И Кунанбай и новый волостной напоминали кота, держащего в когтях мышь, который свирепо урчит, ощетинивается и сверкает глазами. О событии они говорили с негодованием, прикидываясь безвинно обиженными. Уже на третий день оба твердили не переставая:
— Так поступают только злейшие враги! Они уничтожили казенные бумаги, чтобы подвести под суд Такежана!
— Они хотят погубить Такежана! Это же чудовищное Дело!
Но весь шум и гром этой бури поддерживался ими искусственно. Они собирали тучи совсем с другой целью.
И раньше бывало много распрей и споров, но никогда еще дело не доходило до отправки противника в тюрьму, до высылки на каторгу в неведомые края. Все окружавшие Кунанбая понимали, что, когда народ опомнится и обсудит все случившееся, тяжелей всего будет принята весть об отсылке жигитов в тюрьму. Этим шумом волостное правление оправдывало неслыханное в степи наказание.
Когда Кунанбай сам стоял у власти, он никогда не прибегал к подобной мере, но в отношении Балагаза и его друзей он пошел на риск: их поведение было слишком вызывающим и ставило под угрозу общую веру в безграничность его собственной силы и власти. Он понял это и решился на крайнюю меру.
В деле Балагаза Кунанбай видел не простое конокрадство, — недавние слова Базаралы и действия Балагаза имели одни корни. И это подтверждалось тем, что Балагаз свои набеги устраивал не на кого придется, а по выбору — и преимущественно на род Иргизбай. И раз его люди не трогали бедняков — сочувствие к ним народа возрастало с каждым днем.
Что же получится, если весь народ, голодный и бедствующий, пойдет за ними? Кунанбая охватывала дрожь при одной мысли об этом. Эта опасность сама вела к необходимости беспощадных, быстрых и решительных действий. Кунанбай рассчитывал запугать народ, жестоко наказав бунтарей в назидание другим.
Но как он ни прятал свои замыслы, кое-кто уже начал догадываться о них.

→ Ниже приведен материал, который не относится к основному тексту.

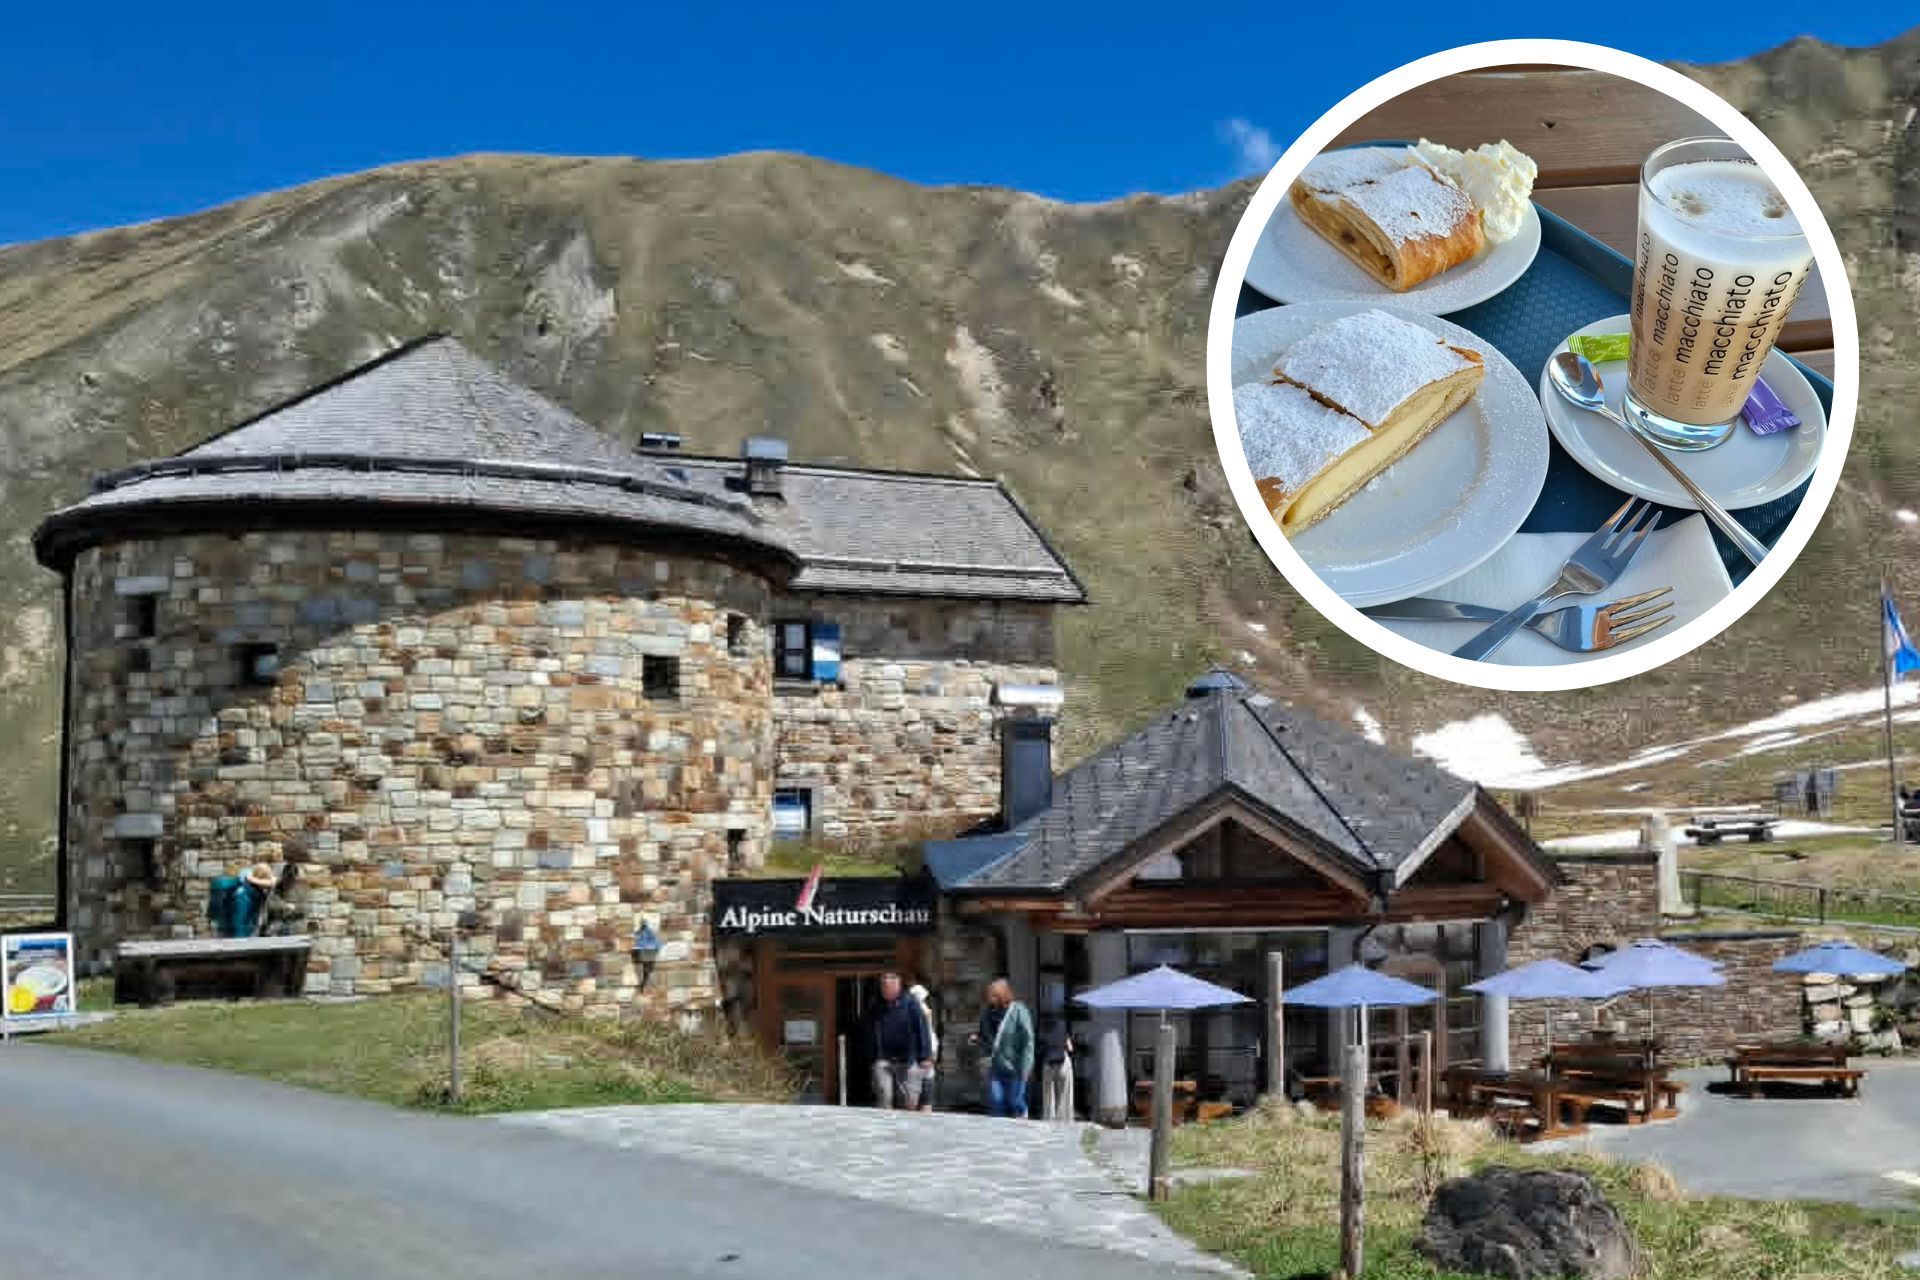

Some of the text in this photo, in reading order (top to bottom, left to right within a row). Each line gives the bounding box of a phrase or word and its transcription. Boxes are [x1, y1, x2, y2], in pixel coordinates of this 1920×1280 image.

Суровости Кунанбая народ не оправдывал и считал тюрьму и ссылку неслыханной жестокостью. Даже Байсал и Суюндик колебались: как пострадавшие от грабителей, они внутренне соглашались с такой крутой мерой, но оправдывать действия волостного у них тоже не хватало духу. Они затаились в своих аулах.
Кунанбай чутко прислушивался к тому, что происходило в Жигитеке, а особенно в ауле Байдалы.

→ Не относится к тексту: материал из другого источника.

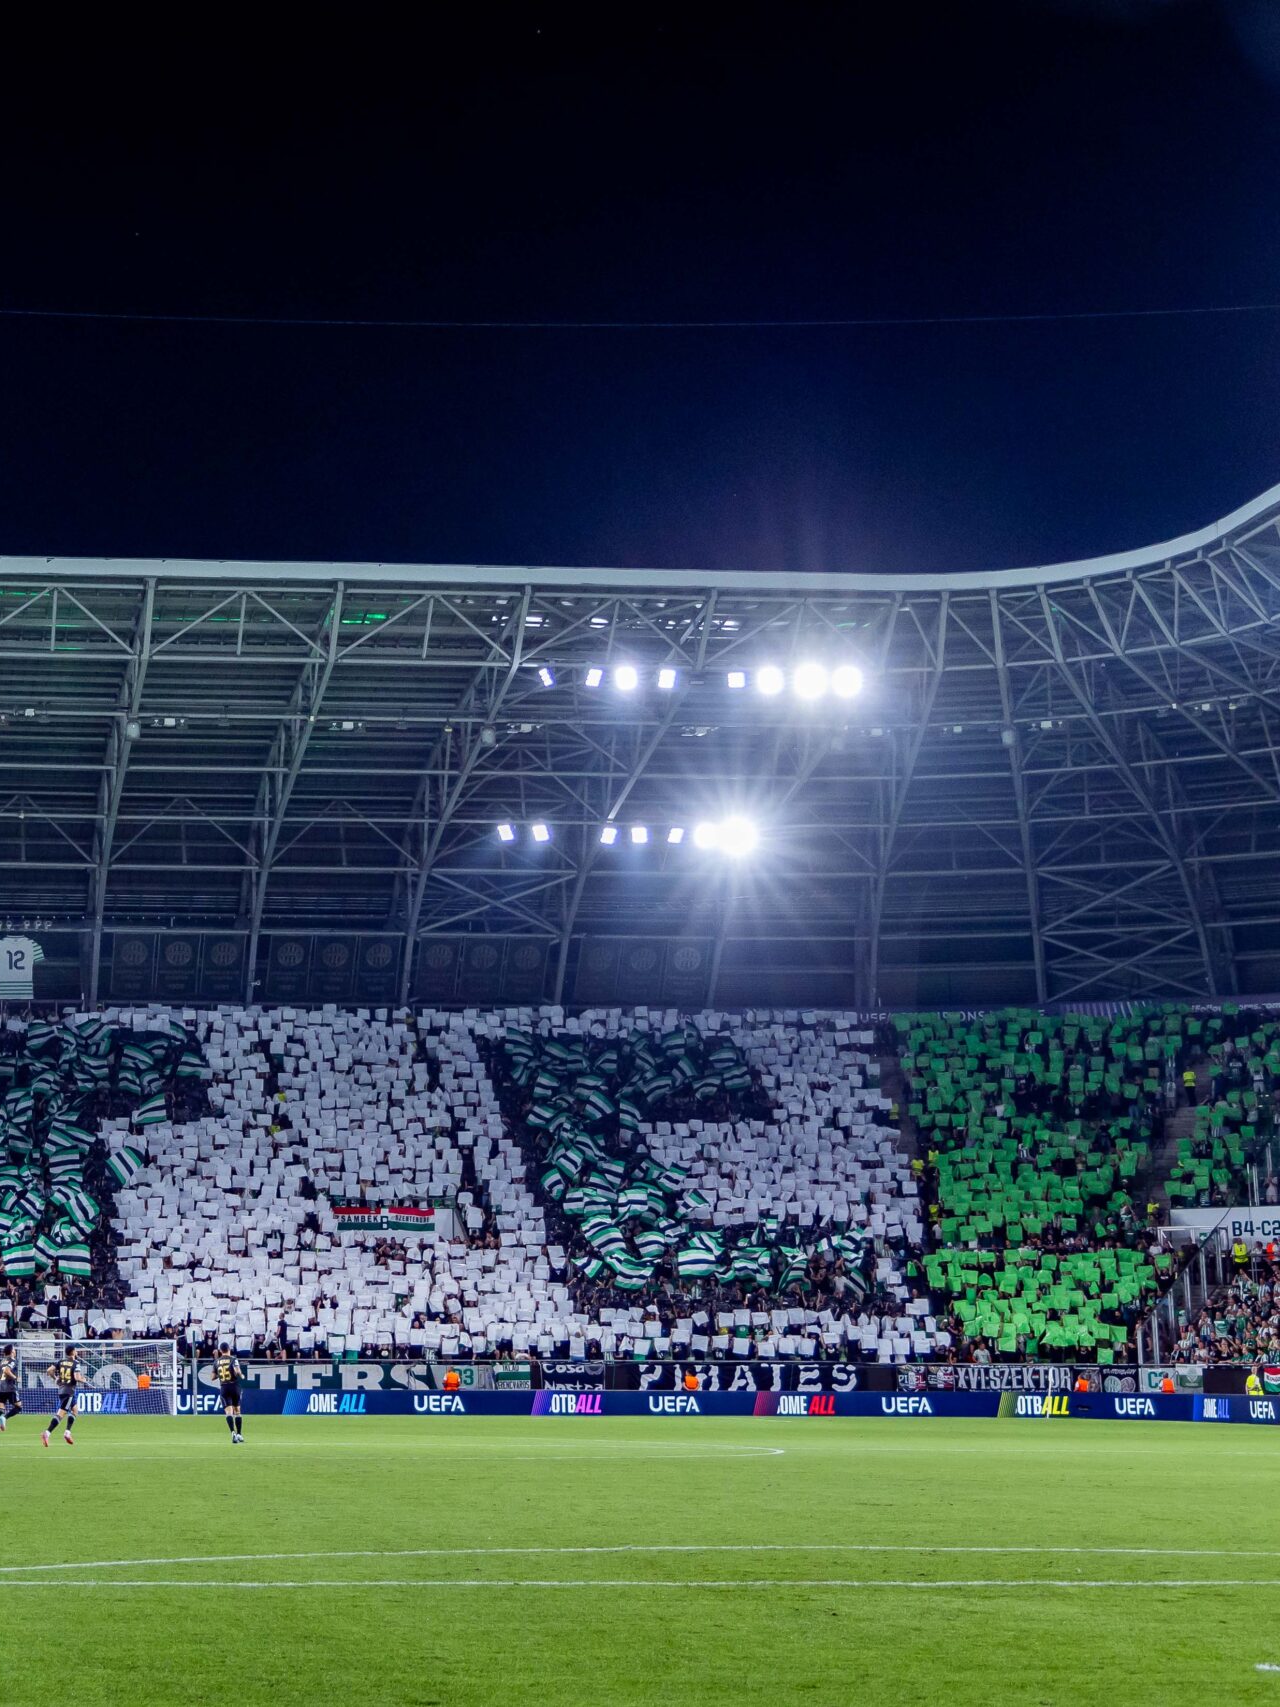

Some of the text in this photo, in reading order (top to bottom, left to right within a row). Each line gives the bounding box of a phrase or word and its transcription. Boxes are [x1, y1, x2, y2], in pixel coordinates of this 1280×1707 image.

[6, 950, 26, 970] 12
[1232, 1220, 1280, 1236] B4-C2
[217, 1366, 232, 1382] 35
[543, 1363, 585, 1374] Cosa
[76, 1393, 127, 1412] OTBALL
[307, 1394, 366, 1412] OME ALL
[414, 1395, 465, 1412] UEFA
[549, 1394, 602, 1413] OTBALL
[649, 1396, 700, 1413] UEFA
[777, 1395, 835, 1414] OME ALL
[881, 1397, 932, 1413] UEFA
[1015, 1396, 1070, 1415] OTBALL
[1115, 1398, 1155, 1415] UEFA
[1203, 1399, 1229, 1418] OME ALL
[1249, 1401, 1275, 1419] UEFA

Жигитеки негодовали. Услышав об отправке пойманных в тюрьму, Байдалы тоже возмутился. Он жалел их, осуждал принятые волостью меры и открыто заявил:
— Никогда не будет того, чтобы Кунанбай постыдился или посчитался с народом! Накажи он их своею рукою или с помощью родичей — кто посмел бы заступиться за них? А как теперь он ответит народу? Он, точно волк, сам растерзал своего детеныша! Вся молодежь Жигитека будет видеть в нем палача!